Antitumor activity of erastin and celastrol cotreatment on xenograft models of NSCLC. (A) Nude mice were injected subcutaneously with indicated HCC827 cells. Images of isolated tumors from nude mice treated with single‐agent erastin (5 mg·kg⁻¹), celastrol (1 mg·kg⁻¹), and their combination. Tumor volumes (B) and weights (C) of HCC827 xenografts in each treatment group are shown. (D) Tumor lysates were subjected to western blotting for HSF1, HSP27, LC3, and Parkin. (E) H&E staining tissue images obtained from major organs of erastin or/and celastrol‐treated mice for the in vivo toxicity evaluation. Scale bar, 100 µm. (F) HSF1 knockdown HCC827 cells were more sensitive to erastin and celastrol cotreatment in vivo. Representative images of subcutaneous tumors in mice inoculated with stable HSF1 knockdown HCC827 cells compared with the control group.
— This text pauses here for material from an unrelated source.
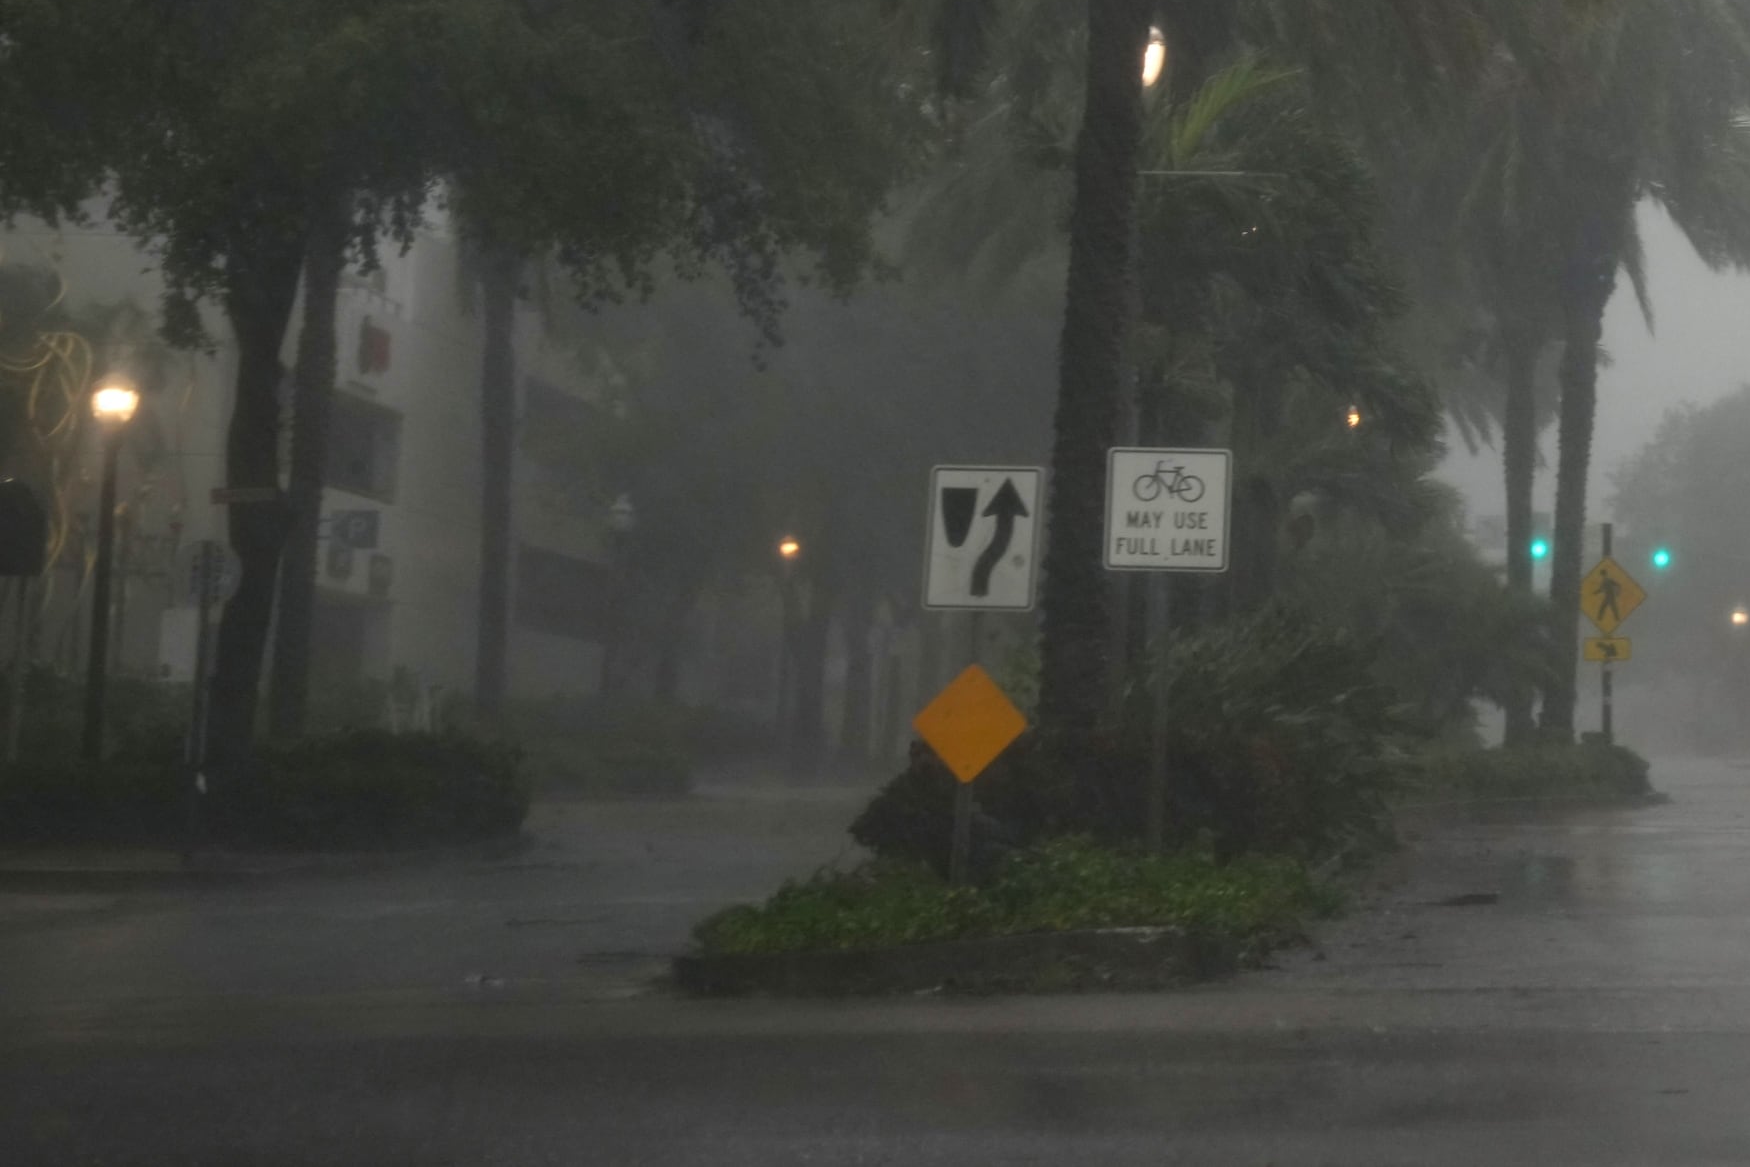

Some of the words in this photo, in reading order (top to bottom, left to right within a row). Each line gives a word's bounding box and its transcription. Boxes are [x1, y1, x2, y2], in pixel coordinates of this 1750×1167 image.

Tumor volumes (G) and weights (H) of subcutaneous tumors in mice inoculated with stable HSF1 knockdown or SCR HCC827 cells. (I) Western blotting was performed to examine HSF1, HSP27, LC3, and Parkin protein expression in subcutaneous tumors. (J) Proposed mechanism of celastrol‐ and erastin‐induced cell death in NSCLC. The mean ± SD is shown, n = 6. Statistical significance was determined using one‐way or two‐way ANOVA with Tukey’s post hoc test. ***P < 0.001.